Like tulips. So the Tulip Cocktail would make a terrific springtime tipple, no?
It’s a wonderful mixture of French calvados (or American applejack), sweet vermouth, apricot liqueur, and lemon juice.
The Tulip Cocktail is a bit on the sweet side, but far from cloying – which makes it a delightful predinner drink. Floral, you might say.
Recipe: The Tulip Cocktail
The origins of the Tulip Cocktail are unclear – as is the case with many drinks. A recipe for it appeared in The Savoy Cocktail Book, published in 1930. But we can’t trace its history back any further than that. (The Savoy in question, BTW, was – and is – one of London’s best-known luxury hotels.)

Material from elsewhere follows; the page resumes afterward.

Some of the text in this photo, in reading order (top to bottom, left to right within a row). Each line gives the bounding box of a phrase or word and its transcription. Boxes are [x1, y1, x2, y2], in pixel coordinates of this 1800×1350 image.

Whatever the back story on this drink, we think you’ll be charmed by its interesting, somewhat complex flavor.
This recipe takes about 5 minutes to prepare and serves 1.
- 1 ounce calvados (or applejack; see Notes)

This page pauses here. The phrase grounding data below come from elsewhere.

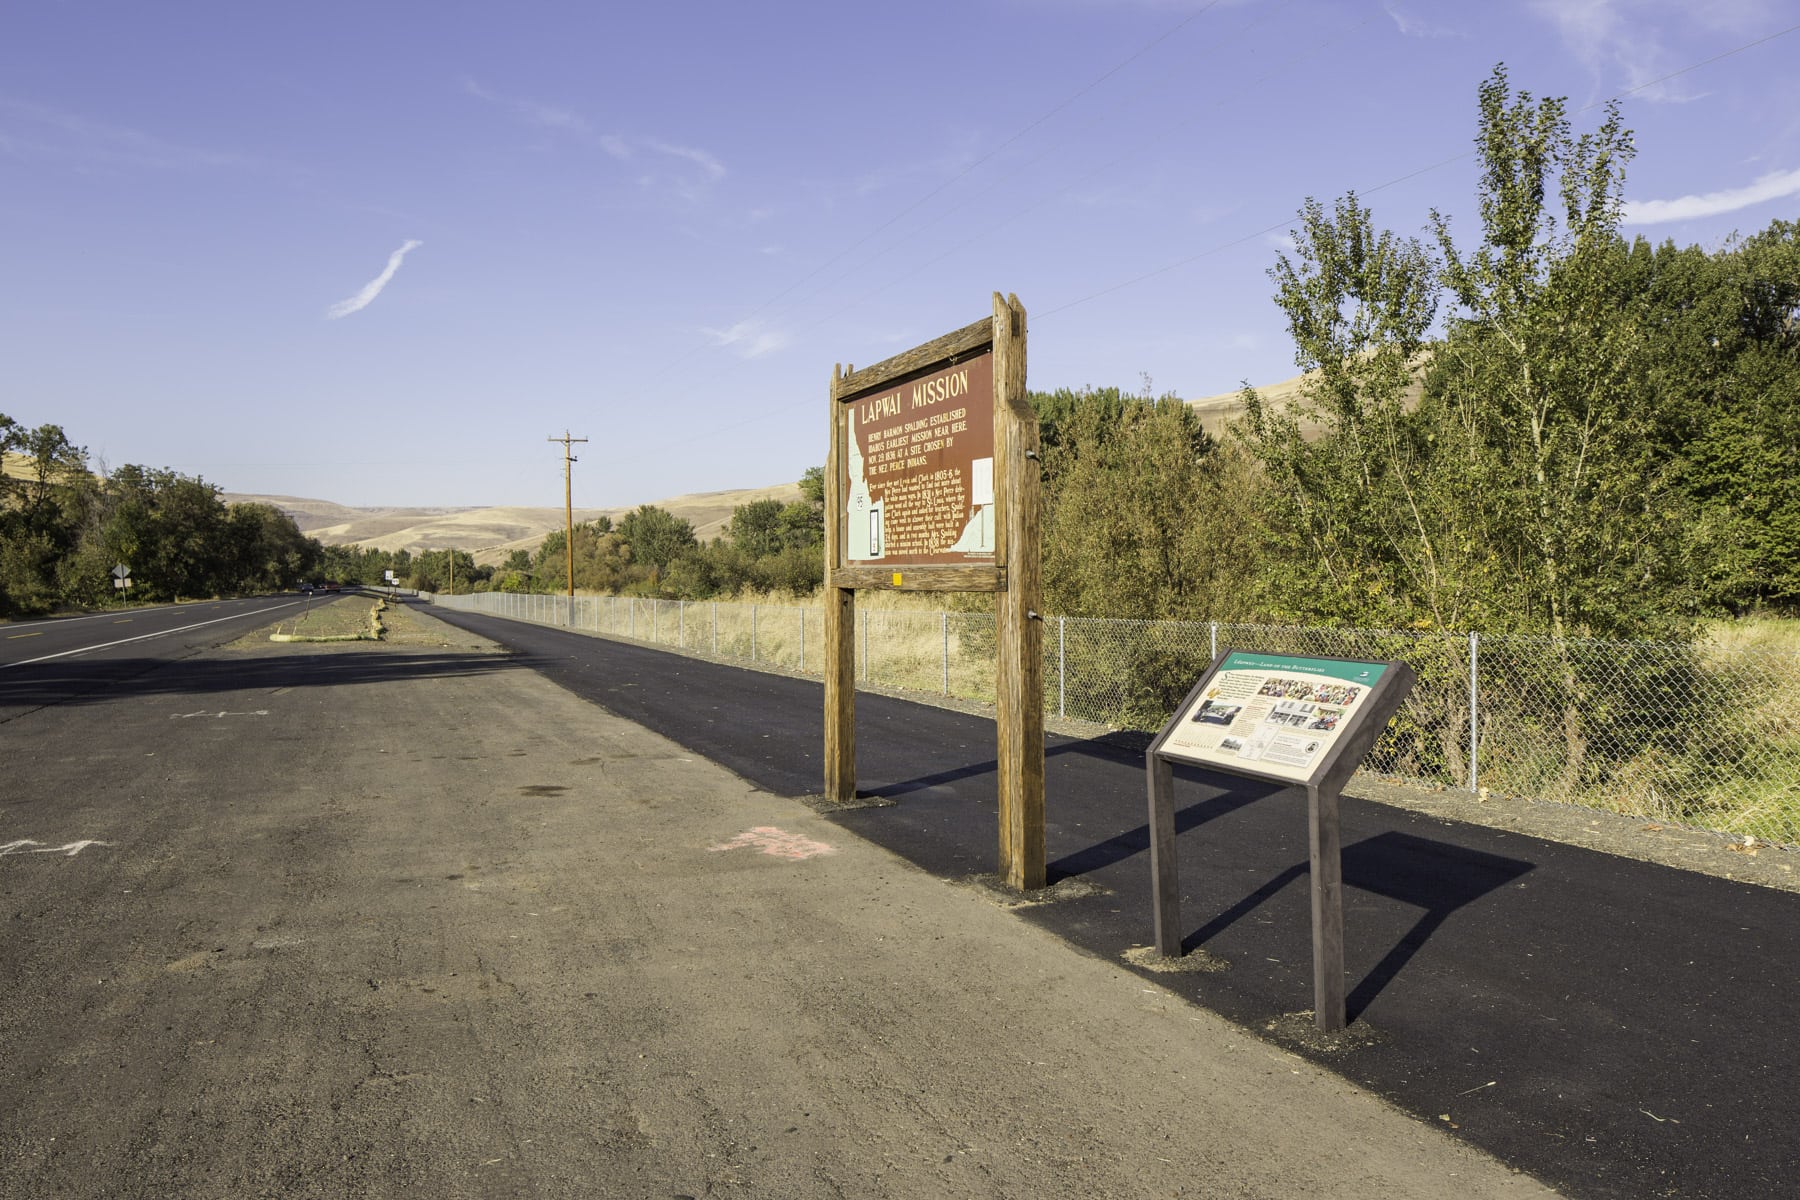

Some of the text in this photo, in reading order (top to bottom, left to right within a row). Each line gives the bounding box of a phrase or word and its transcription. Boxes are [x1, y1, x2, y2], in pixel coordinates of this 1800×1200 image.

[862, 370, 968, 424] LAPWAI MISSION
[868, 432, 881, 442] HENRY
[905, 418, 928, 433] SPALDING
[930, 408, 966, 426] ESTABLISHED
[887, 436, 908, 449] EARLIEST
[911, 430, 932, 443] MISSION
[935, 425, 949, 437] NEAR
[897, 449, 902, 457] AT
[905, 448, 908, 456] A
[911, 445, 921, 455] SITE
[924, 439, 944, 452] CHOSEN
[947, 437, 953, 447] BY
[869, 466, 877, 475] THE
[879, 464, 887, 473] NEZ
[890, 460, 905, 471] PERCE

- 1 ounce sweet (Italian) vermouth
- ½ ounce apricot liqueur (see Notes)
- ½ ounce freshly squeezed lemon juice
- lemon twist for garnish (very optional)
- Place all ingredients (except garnish) in a cocktail shaker half filled with ice. Shake vigorously until the contents are well chilled (20 seconds or so).
- Strain into a cocktail glass, preferably one that has been chilled. Garnish with a lemon twist, if you wish, and serve.
- We’ve seen recipes that add a dash or two of orange or peach bitters to this drink. We haven’t tried that, but you might like to.
- Calvados is French apple brandy, produced in Normandy. It’s most often consumed by itself as an after-dinner drink, but it’s also terrific as an ingredient in cocktails.
- Applejack is American apple brandy. Its flavor is very similar to calvados, though sometimes a bit less smooth. We think it’s a good substitute for calvados in cocktails. Laird’s is the brand you’re likely to see in the U.S., and we recommend it.
- Apricot liqueur is, as you might deduce, made with apricots. Marie Brizard’s Apry and Rothman & Winter’s Orchard Apricot are the brands we prefer. Hiram Walker also offers a version, which is cheaper (a good thing) but way too sweet (a bad thing).
- BTW, many cocktail recipes call for apricot brandy when they really mean apricot liqueur. True apricot brandy isn’t all that common or easy to find. It’s distilled directly from apricots, while most apricot liqueurs have a neutral spirit as their base (and are flavored with apricots). Adding to the confusion, sometimes even bottles that are labeled “apricot brandy” are actually apricot liqueur. If in doubt, ask the friendly folks at your local liquor store for guidance.
- Our usual disclaimer: We’re noncommercial and are not compensated for mentioning brands. We recommend only what we like and buy with our own money.
“Love the aroma of this drink,” said Mrs. Kitchen Riffs. “Outstanding bouquet.”
“This cocktail is no shrinking violet,” I said. “You might say its flavor rose to the occasion.”
“Putting the petal to the metal with those floral terms, eh?” said Mrs K R.
“Hey, I’m a flower child,” I said. “And this drink is turning me into a tiger lily!”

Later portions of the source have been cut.